Government’s Plan B Coronavirus Restrictions in England

Yesterday, the UK government announced that it has moved to Plan B Coronavirus restrictions in England. See BCC’s response to the announcement here. The key measures to note include: From Friday 10 December: The legal requirement to wear a face mask has been extended to most public indoor venues, including theatres and cinemas. There will be exemptions where it is not practical, such as when eating, drinking, exercising and singing. From Monday 13 December: The re-introduction of working from home where possible. Employers were advised to use the rest of week to discuss arrangements with employees.
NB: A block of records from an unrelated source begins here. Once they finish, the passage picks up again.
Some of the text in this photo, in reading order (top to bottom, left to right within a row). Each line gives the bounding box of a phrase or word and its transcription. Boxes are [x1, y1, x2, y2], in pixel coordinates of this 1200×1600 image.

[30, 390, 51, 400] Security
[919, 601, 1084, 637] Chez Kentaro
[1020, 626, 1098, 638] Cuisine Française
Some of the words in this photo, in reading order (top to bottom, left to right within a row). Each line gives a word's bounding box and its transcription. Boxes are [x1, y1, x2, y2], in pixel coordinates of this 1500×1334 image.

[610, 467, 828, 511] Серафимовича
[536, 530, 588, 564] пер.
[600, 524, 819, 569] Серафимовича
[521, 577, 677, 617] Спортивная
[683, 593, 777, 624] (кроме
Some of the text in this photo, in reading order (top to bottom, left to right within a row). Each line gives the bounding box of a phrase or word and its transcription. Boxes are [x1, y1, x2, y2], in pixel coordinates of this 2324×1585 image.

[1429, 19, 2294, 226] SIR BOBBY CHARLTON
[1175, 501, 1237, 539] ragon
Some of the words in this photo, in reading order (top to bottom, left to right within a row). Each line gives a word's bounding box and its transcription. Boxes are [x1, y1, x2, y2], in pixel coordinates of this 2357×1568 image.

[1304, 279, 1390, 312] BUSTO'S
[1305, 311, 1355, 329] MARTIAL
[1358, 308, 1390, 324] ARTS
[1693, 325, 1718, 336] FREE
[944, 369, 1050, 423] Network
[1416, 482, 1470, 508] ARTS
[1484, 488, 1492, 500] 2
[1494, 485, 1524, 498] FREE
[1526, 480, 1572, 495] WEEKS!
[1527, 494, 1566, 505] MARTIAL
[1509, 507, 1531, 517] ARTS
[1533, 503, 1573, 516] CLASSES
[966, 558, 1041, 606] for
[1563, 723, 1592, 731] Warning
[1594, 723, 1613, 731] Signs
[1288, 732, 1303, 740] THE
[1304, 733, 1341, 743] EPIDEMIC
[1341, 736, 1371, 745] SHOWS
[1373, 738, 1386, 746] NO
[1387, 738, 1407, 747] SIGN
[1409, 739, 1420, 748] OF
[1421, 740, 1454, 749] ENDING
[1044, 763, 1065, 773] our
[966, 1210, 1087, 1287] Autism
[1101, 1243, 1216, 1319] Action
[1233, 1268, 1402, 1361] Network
Where employees have to go to their workplace, they are advised to reduce contacts to reduce transmission. From Wednesday 15 December: The NHS Covid Pass will be mandatory for entry into nightclubs and venues where large crowds gather. This includes unseated indoor venues with more than 500 people, unseated outdoor venues with more than 4,000 people and any venue with more than 10,000 people. The NHS Covid Pass can still be obtained with two doses of the vaccine, but this will be kept under review as the boosters roll out. Alternatively, a negative lateral flow test can be shown. There would be a small number of exemptions for medical reasons and for those on clinical trials. Businesses can download the NHS Pass Verifier which will scan someone’s vaccine passport and hold the data within the NHS, so removing any barrier or GDPR concern. Daily tests will be introduced for Omicron contacts rather than self-isolation to keep people safe while minimising the disruption to daily life.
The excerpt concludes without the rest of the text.